Super music supervision: Quickly discovering relevant music with the help of AI

Valerio Velardo
The Sound of AI
Published in
8 min readApr 26, 2019
The life of a music supervisor — spending hours listening to music isn’t always as fun as it sounds.

Music supervision, while coming in many forms, has always been a type of work that requires near superhuman levels of patience. Music supervisors are diligent music experts, responsible for finding and often syncing music for different media like films, advertisements, TV shows, trailers and podcasts. They work in the music trenches, sometimes spending hours painstakingly searching for the right tracks among an almost infinite stream of musical possibilities.

Let’s consider an example. Stephen is a music supervisor who works for an advertising agency, specialising in making product videos. He collaborates directly with the creative director. Together, they pinpoint the overall musical vibe for a video. When the high-level musical concept is decided, Stephen searches through vast music production libraries online to find music that’s ‘just right’. Once he finds the right tracks, he syncs them to the video. At first glance, Stephen’s job seems quite straightforward. In reality, he faces many of the challenges that most music supervisors struggle with daily.

The core issues with music production libraries

Music licensing services and royalty-free music libraries can easily contain thousands of tracks. They have music for all tastes and functions, covering most genres and moods. Stephen knows that, buried somewhere among thousands of tracks, the perfect music for his video awaits. The problem is that it takes ages to find relevant musical content. Music libraries can be filtered by genres, moods and bpm, but that’s still far from the ideal solution. Even with these filters, Stephen still has to scroll through hundreds of tracks to find what he’s looking for.

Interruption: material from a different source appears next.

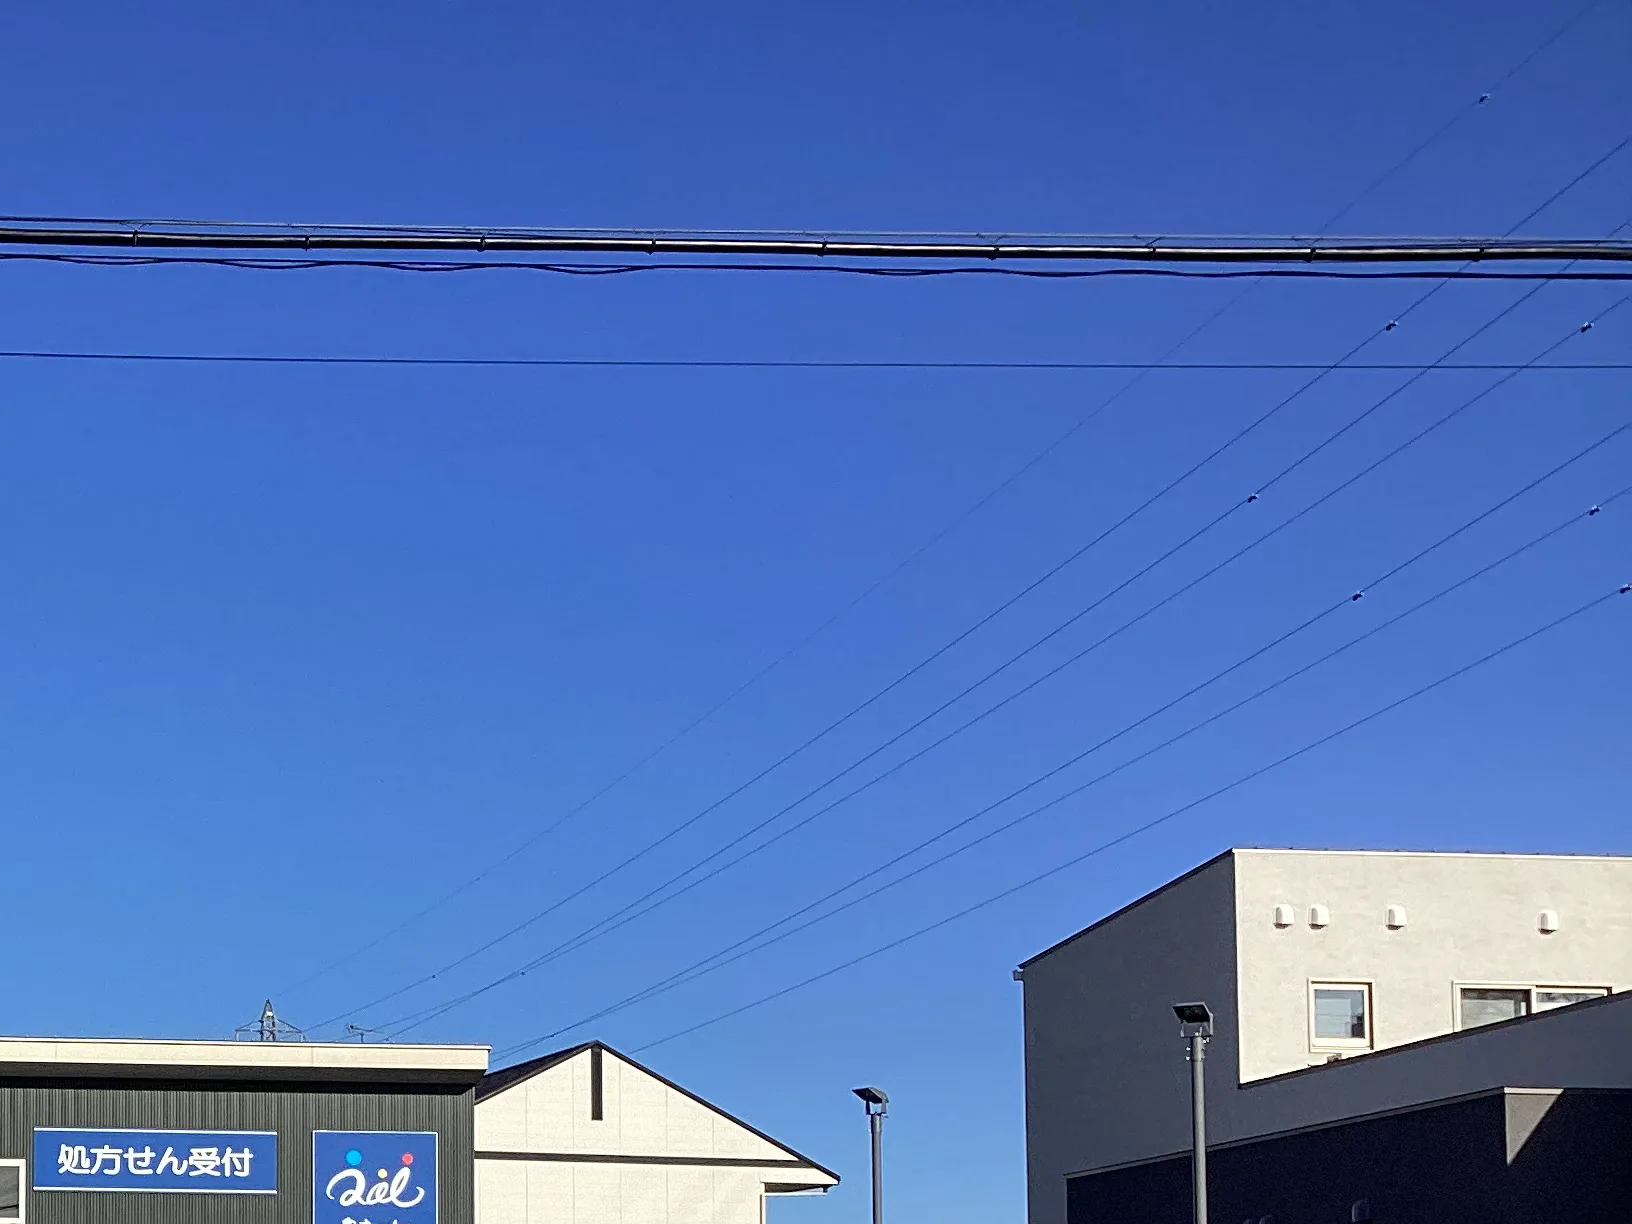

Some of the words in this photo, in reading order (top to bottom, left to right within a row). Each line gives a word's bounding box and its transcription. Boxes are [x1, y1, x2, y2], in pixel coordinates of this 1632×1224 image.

Another major issue with music production libraries is tagging. Having accurate semantic descriptors for the tracks contained in a library is important for making search easier. Unfortunately, the tagging process is time-consuming and prone to error. Sometimes, music libraries leave this delicate task to the artists who upload their music to the library. In the best case, this can lead to inconsistent tags across the library. In the worst, tags can be completely wrong. If tagging is done internally for the music library service by a team of music analysts, other problems can arise. Tagging is a repetitive task. It’s possible that an analyst who’s listened to fifty trap songs in a row may grow tired and easily mistag a new song. To avoid this pitfall, a QA process is needed, which is particularly time-consuming.

New advancements in Artificial Intelligence (AI) and machine learning applied to music can help overcome some of these issues. In particular, these new technologies can help streamline the music supervision process, quickening the identification of relevant musical content when searching large musical libraries.

The magic of automatic tagging

Over the last few decades, extensive research has been undertaken in the specialised field of Music Information Retrieval (MIR). MIR applies machine learning and digital signal processing techniques to music and audio. The goal is to solve numerous tasks such as automatic mood, genre, bpm, key and instrument classification. Given a large enough musical dataset, it’s possible to train AI systems that can automatically tag a song. This is the technology that Spotify uses to acquire a semantic understanding of the songs in its catalogue, which powers their recommendation system (check out this article I wrote explaining how Discover Weekly works if you’d like to know more).

Spotify uses MIR for their Discover Weekly service. Photo by Heidi Sandstrom. on Unsplash.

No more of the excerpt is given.